Para Gonçalo da Graça Pereira, o ideal nestas situações é realizar um “trabalho bilateral”, de modo a garantir o bem-estar dos animais e da pessoa “que está a padecer desta doença”. Para o veterinário, é óbvio que retirar os animais não é suficiente. “A pessoa volta a ter problemas, volta a ter a casa cheia de cães e gatos. O acompanhamento psicológico devia ser obrigatório. É em algumas doenças, mas não nesta.”

Provedor recomendou, DGS ainda não respondeu

Em 2013, o Provedor de Justiça deu um primeiro passo na criação de um plano que permita lidar e gerir eventuais casos de SD. Em junho, Alfredo José de Sousa divulgou um documento no qual recomendava ao Diretor-Geral de Saúde a elaboração de um guia para ajudar as autoridades de saúde municipais a lidarem com casos de Síndrome de Diógenes. Após a receção da recomendação, a 7 de maio, Francisco George teve um prazo de 60 dias para comunicar a sua decisão ao Provedor.

Na altura, contactados pelo Diário de Notícias, os responsáveis da Direção-Geral de Saúde (DGS) confirmaram ter recebido a sugestão e salientaram que esta estava “em fase de apreciação”. Dois anos volvidos, o gabinete de Alfredo José de Sousa garante que o “guia não foi remetido ao Provedor de Justiça“.

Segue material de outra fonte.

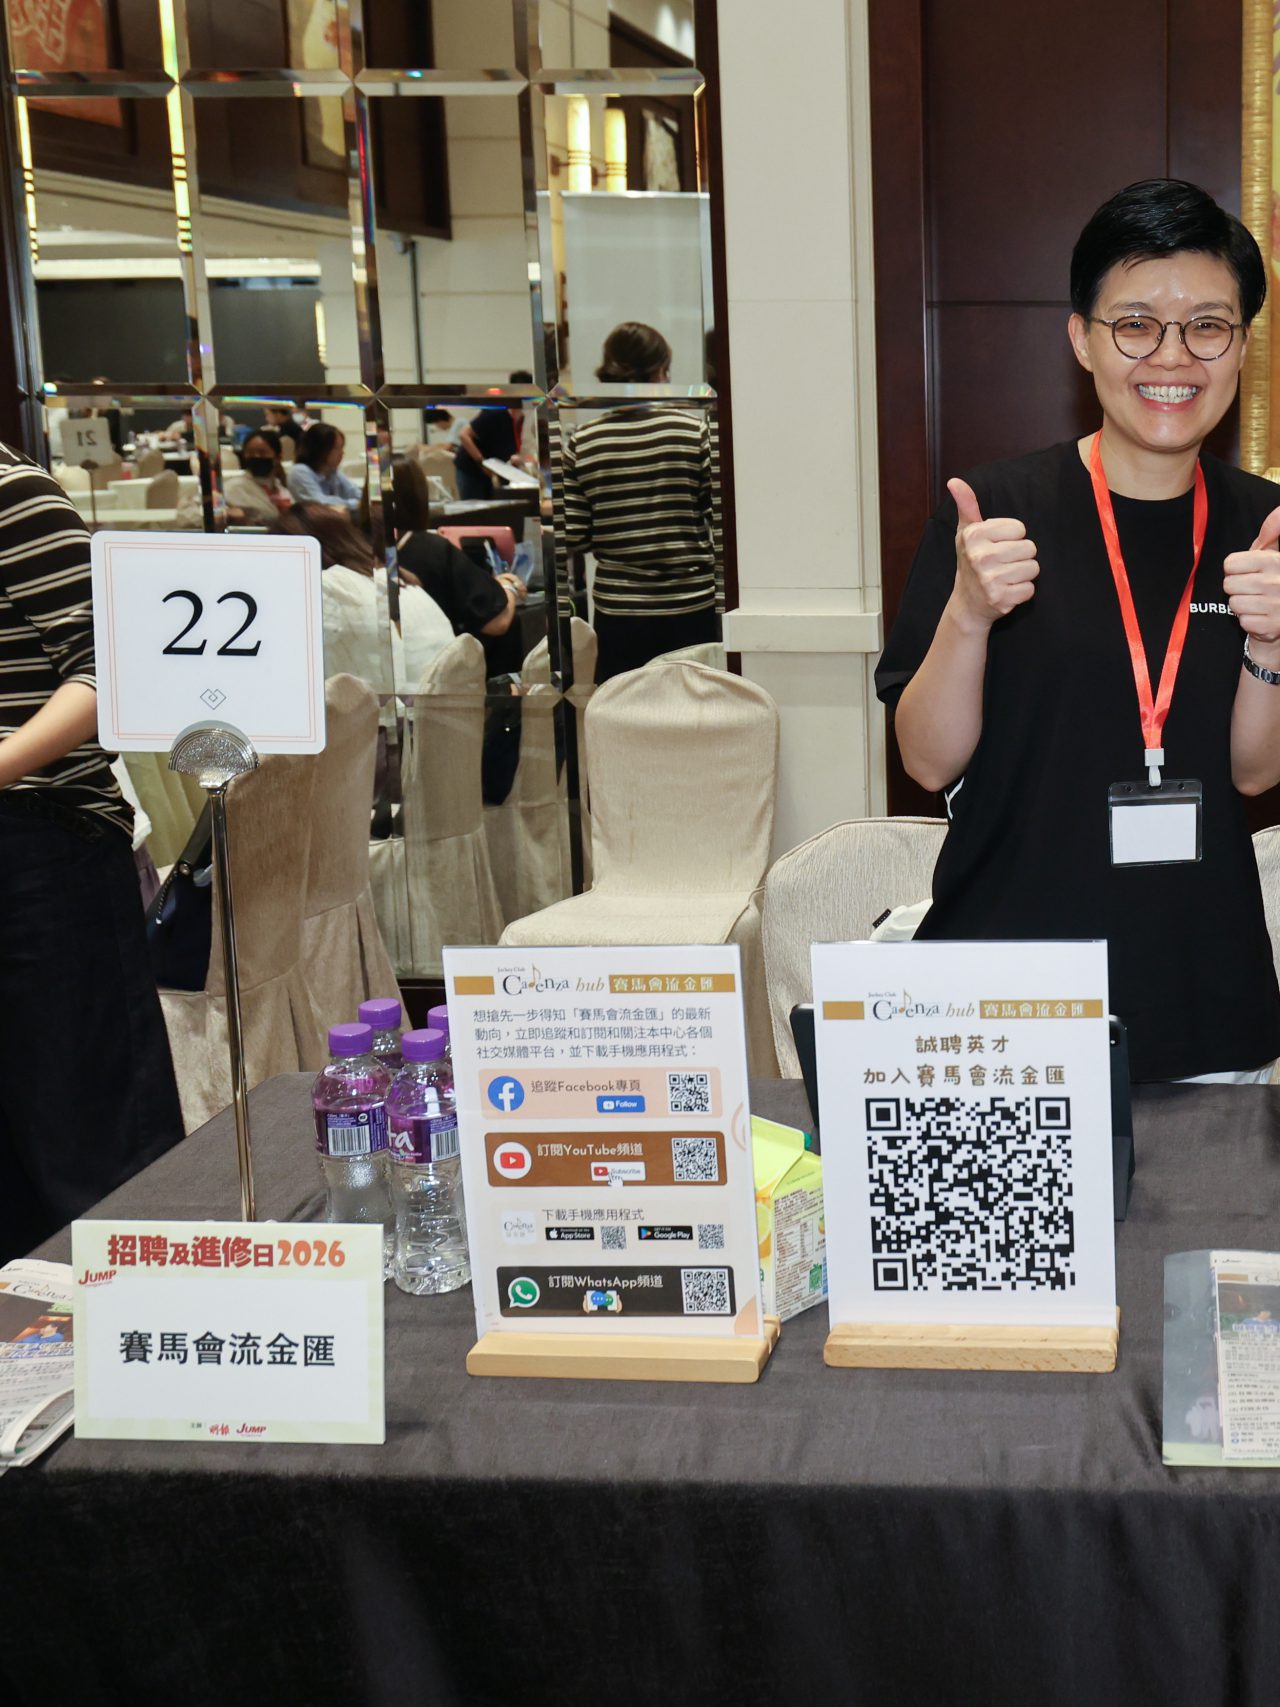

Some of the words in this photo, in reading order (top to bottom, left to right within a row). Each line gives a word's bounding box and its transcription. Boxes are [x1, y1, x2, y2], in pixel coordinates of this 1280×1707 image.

Álvaro Andrade de Carvalho, diretor do Programa Nacional para a Saúde Mental da DGS, esclareceu ao Observador que o “manual de procedimentos foi efetivamente um compromisso que assumimos com a Provedoria de Justiça e está a ser ultimado entre o Programa Nacional que dirijo e outra estrutura da DGS”. O “processo sofreu atraso por alterações na equipa da mesma estrutura”, acrescentou Álvaro Andrade de Carvalho.

Na base da recomendação de Alfredo José de Sousa estavam várias queixas remetidas “ao longo dos anos” contra os serviços municipais, por “vizinhos de pessoas que sofrem” de Síndrome de Diógenes. Estas, de acordo com a sugestão do Provedor, revelavam “não só alguma descoordenação entre as várias autoridades competentes”, mas também uma certa negligência “em torno do tratamento das questões”.

Apesar de existir um empenho por parte dos municípios na limpeza das habitações dos acumuladores, o Provedor de Justiça acrescentou que a colaboração das autoridades de saúde é, regra geral, “muito deficitária”, uma vez que os delegados de saúde “limitam-se a encaminhar as queixas para as câmaras municipais“.

“Com efeito, as autoridades de saúde questionam invariavelmente a existência de um risco efetivo para a saúde pública, limitando-se a classificar as situações como de mera insalubridade particular e a colaborar pontualmente, recusando uma interpretação adequada das competências que se lhe encontram legalmente atribuídas”, refere o documento divulgado pelo Provedor de Justiça.

Para além disso, os obstáculos colocados pelos próprios acumuladores, nomeadamente na obtenção de uma autorização para entrada no domicílio, dificultam muitas vezes o trabalho das autoridades. “A garantia constitucional da inviolabilidade do domicílio não é absoluta, pois pode ser levantada por autorização judicial”, não se subscrevendo à investigação criminal, frisou o Provedor. Porém, os tribunais, “pouco sensíveis a estas matérias”, nem sempre contribuem para diminuir os transtornos levantados contra os técnicos de saúde e outras autoridades municipais.

No mesmo documento, Alfredo José de Sousa salientou ainda que, apesar de o tema ter vindo “a merecer cada vez mais atenção nos planos europeu e internacional”, denota-se em Portugal “uma menor sensibilidade para a problemática, o que surge como principal fator impeditivo de uma conveniente identificação e gestão dos casos”.